:: Data for this exercise ::
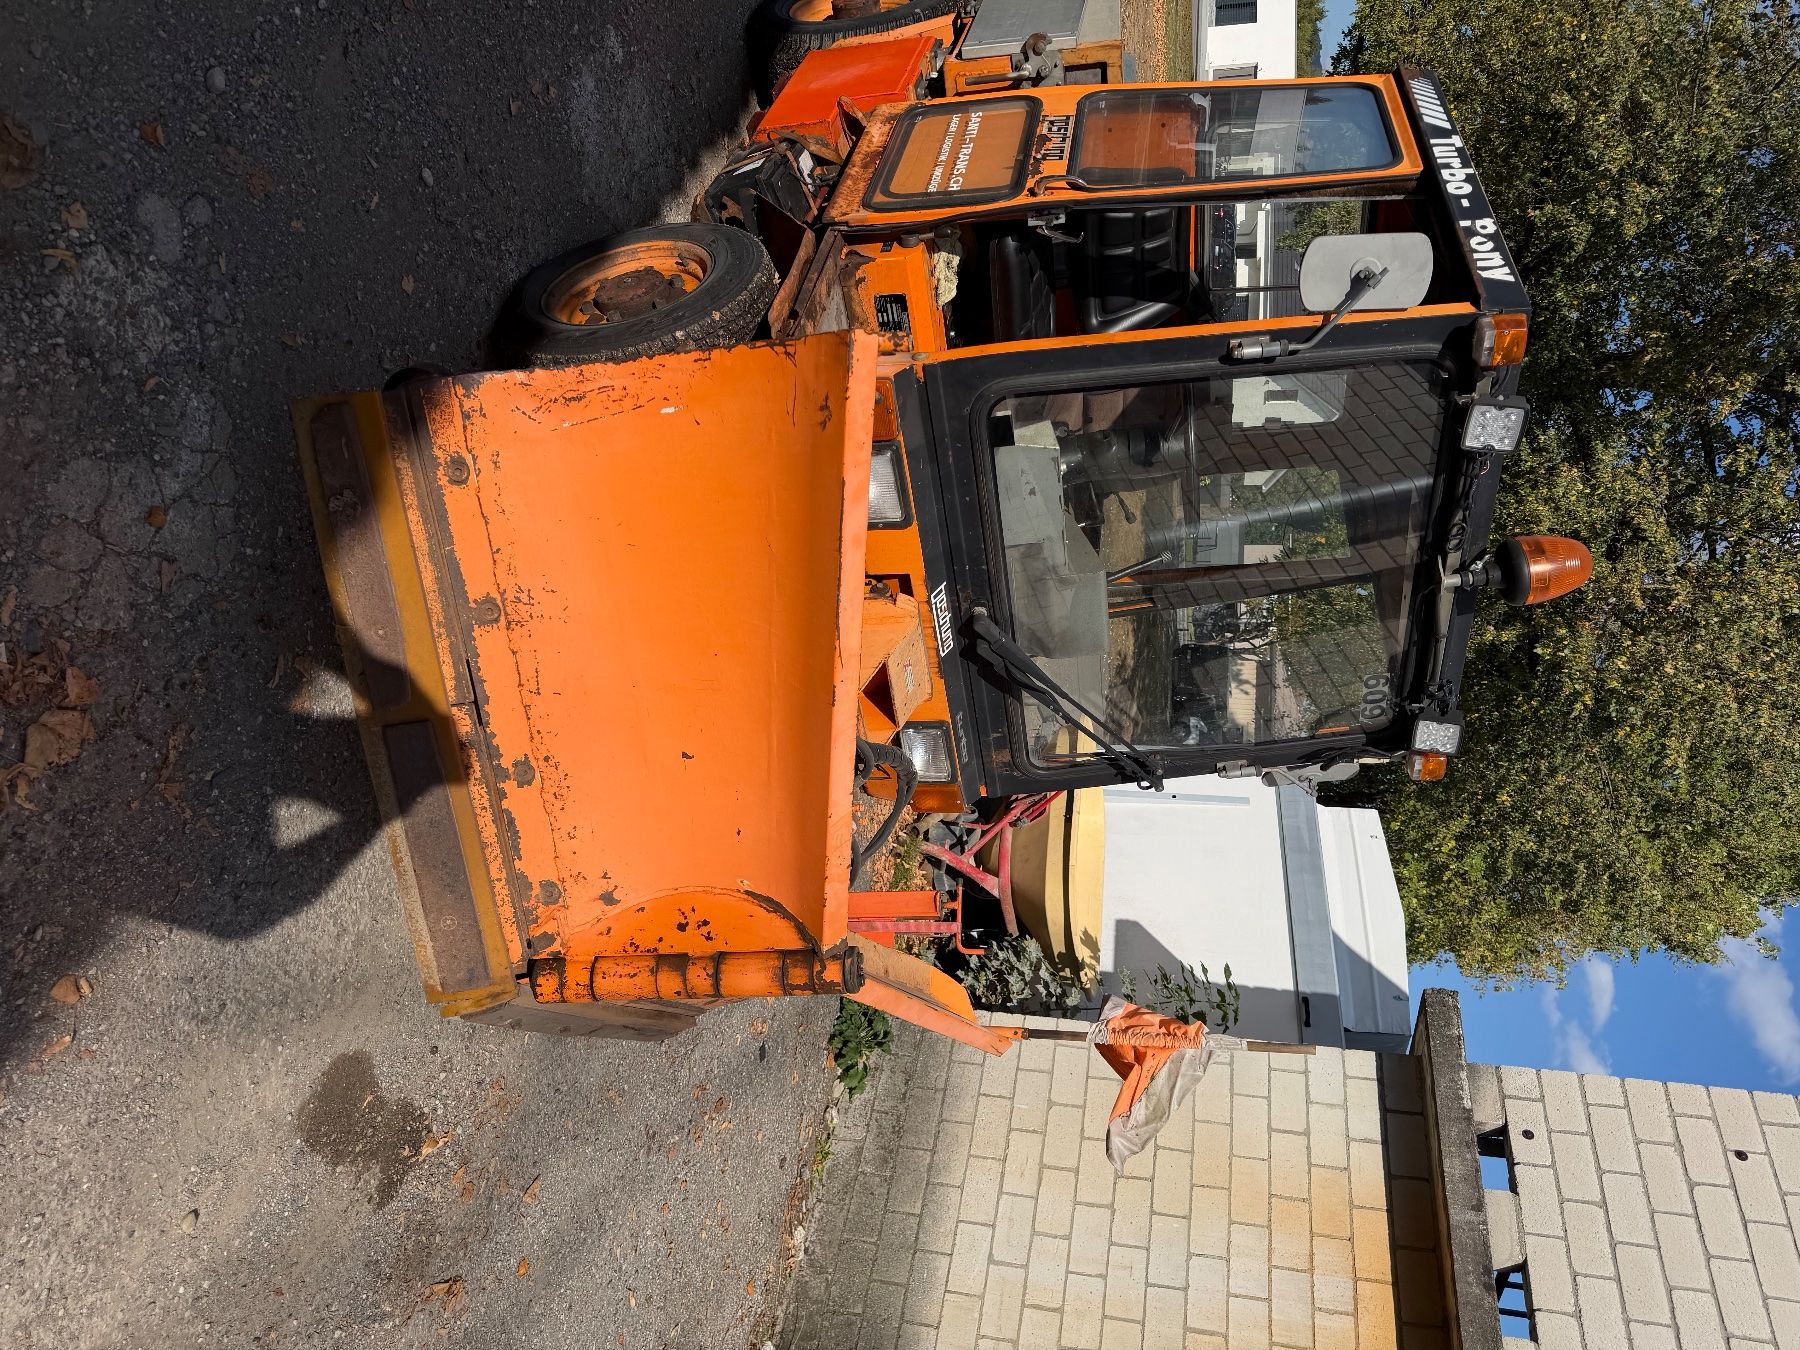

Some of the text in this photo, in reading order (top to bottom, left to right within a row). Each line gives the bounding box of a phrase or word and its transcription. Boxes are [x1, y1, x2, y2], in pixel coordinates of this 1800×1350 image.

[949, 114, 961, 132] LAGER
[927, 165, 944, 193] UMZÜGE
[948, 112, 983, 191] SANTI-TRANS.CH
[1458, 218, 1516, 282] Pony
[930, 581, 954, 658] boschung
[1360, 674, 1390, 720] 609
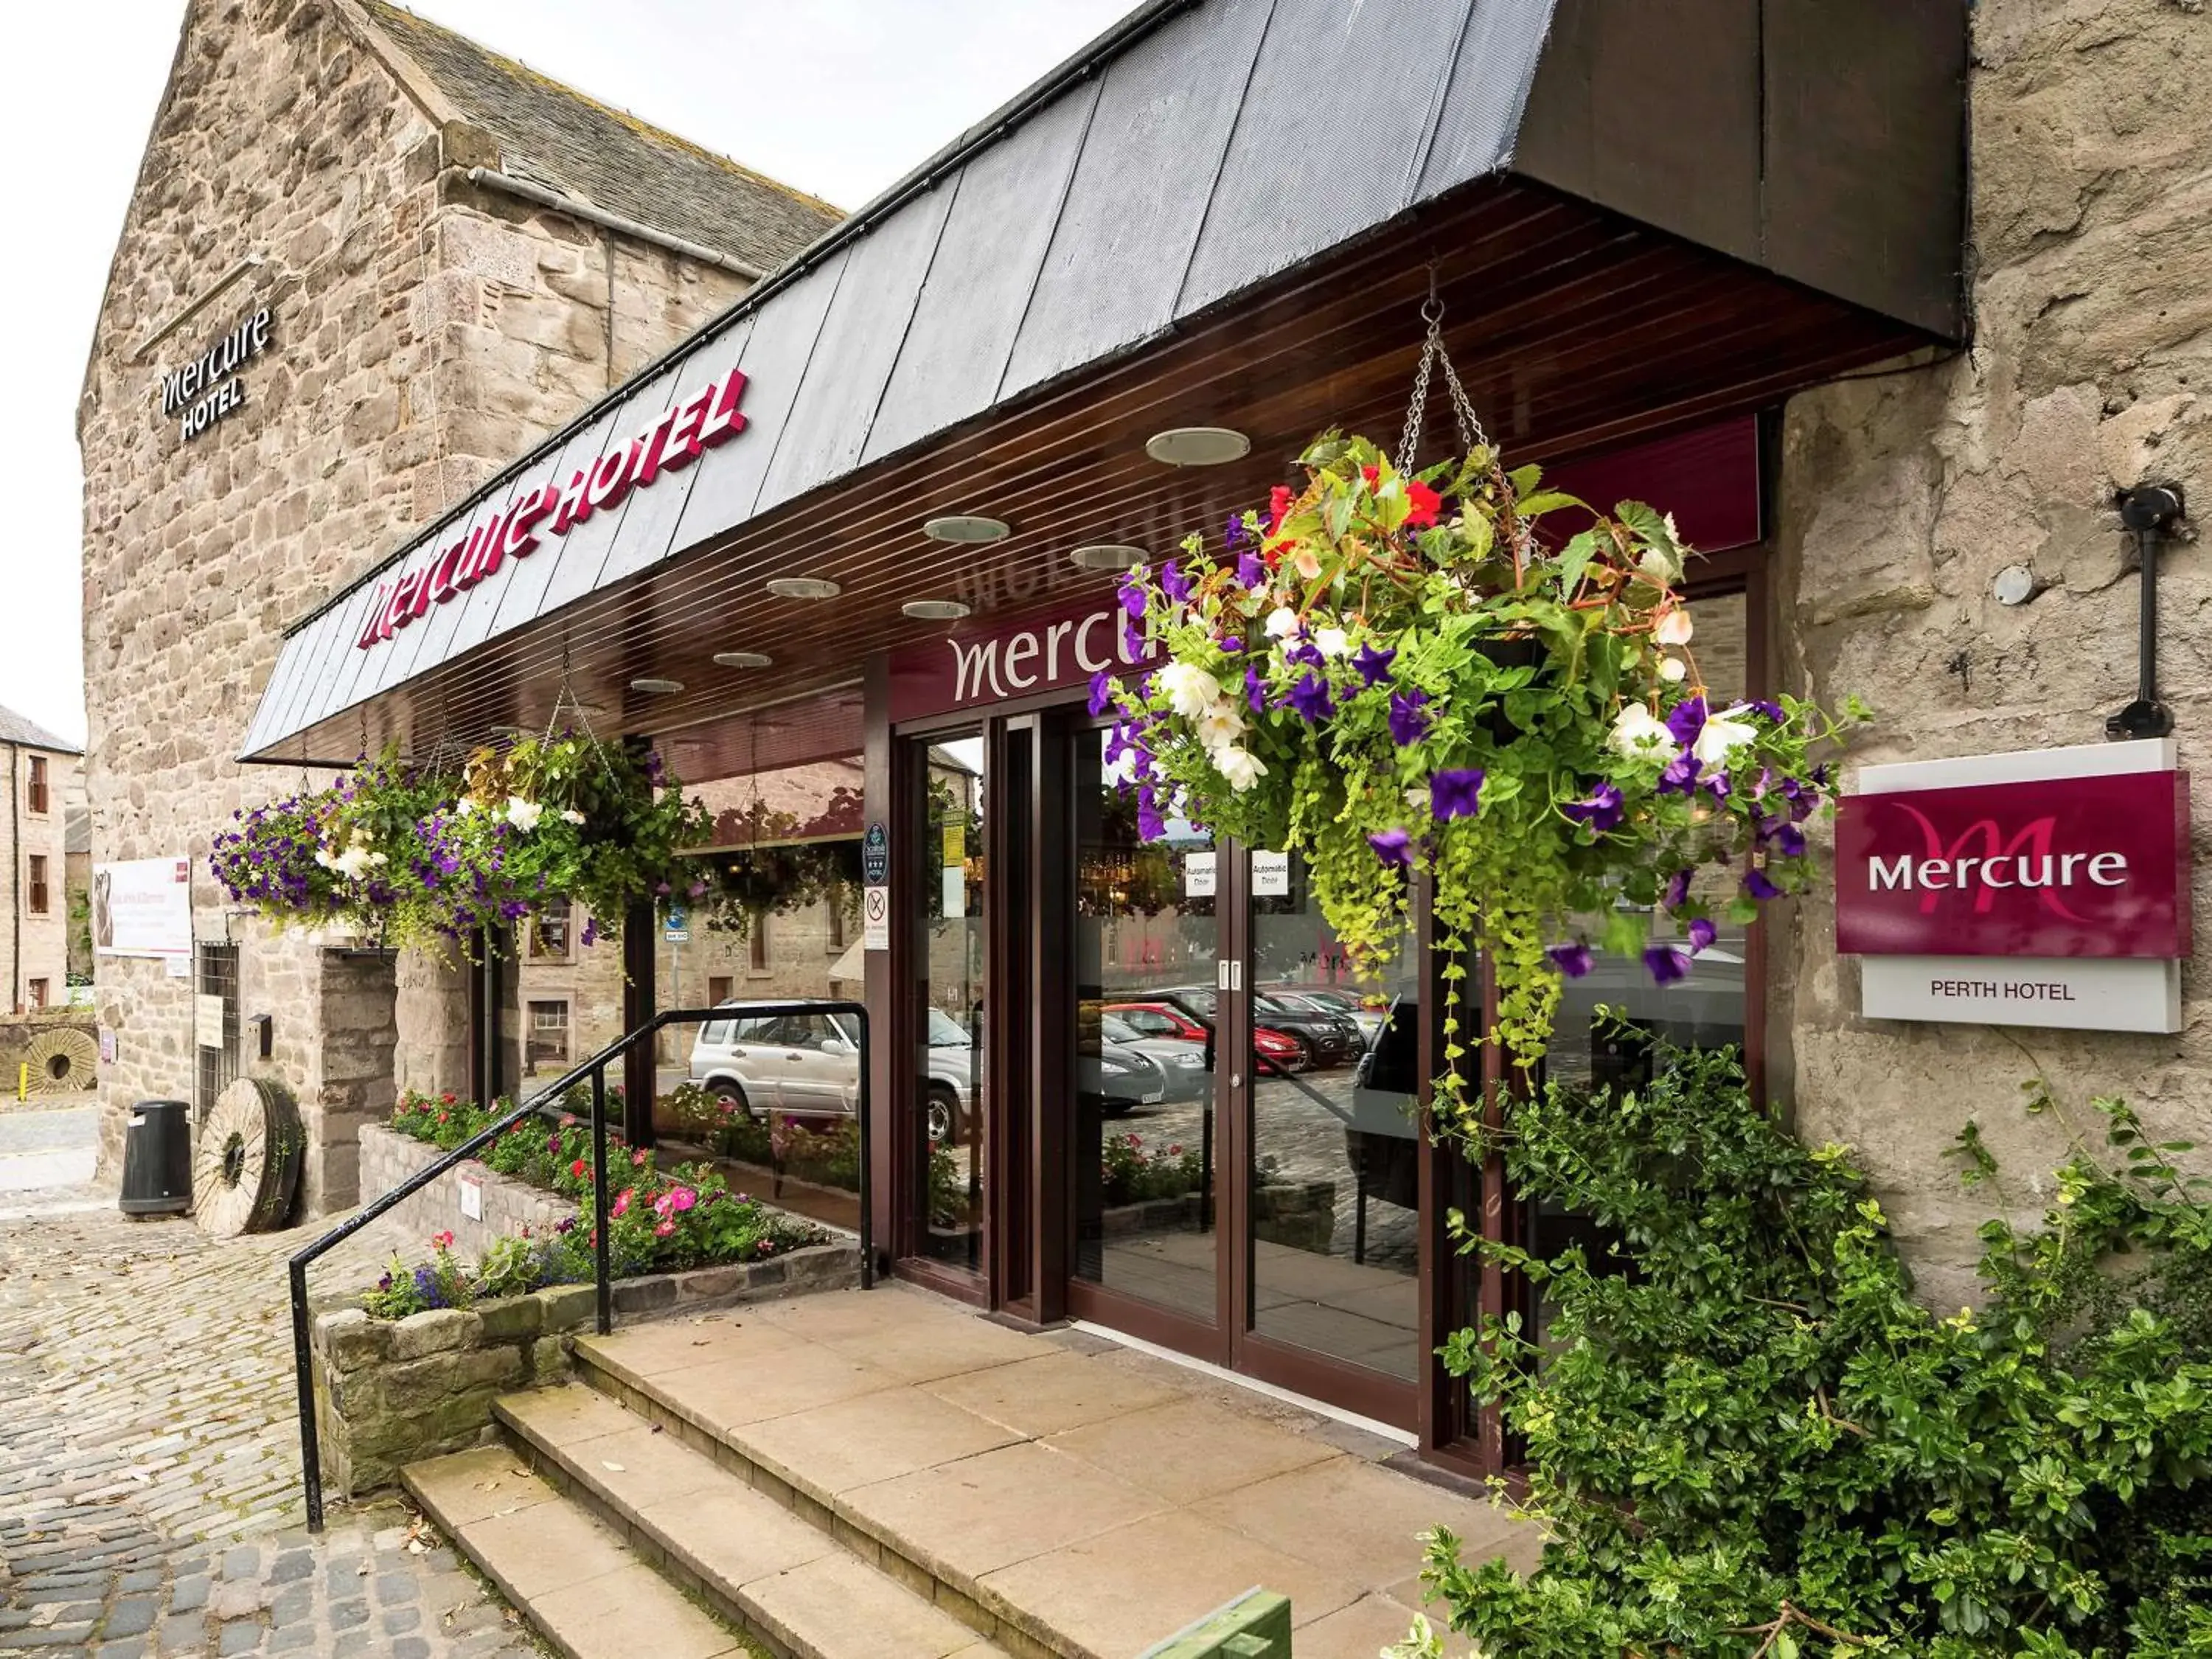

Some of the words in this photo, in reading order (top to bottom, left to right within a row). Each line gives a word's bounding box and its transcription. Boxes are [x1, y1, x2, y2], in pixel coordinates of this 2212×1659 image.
:::
» Goal of the exercise:
Copy every line above word for word and exclude the pictures.

» Result:
Some of the text in this photo, in reading order (top to bottom, left to right within a row). Each line gives the bounding box of a phrase or word and its transcription. Boxes are [x1, y1, x2, y2], in pixel coordinates of this 1800×1350 image.

[949, 114, 961, 132] LAGER
[927, 165, 944, 193] UMZÜGE
[948, 112, 983, 191] SANTI-TRANS.CH
[1458, 218, 1516, 282] Pony
[930, 581, 954, 658] boschung
[1360, 674, 1390, 720] 609

Some of the words in this photo, in reading order (top to bottom, left to right within a row). Each line gives a word's bounding box and its transcription. Boxes are [x1, y1, x2, y2], in pixel coordinates of this 2212×1659 image.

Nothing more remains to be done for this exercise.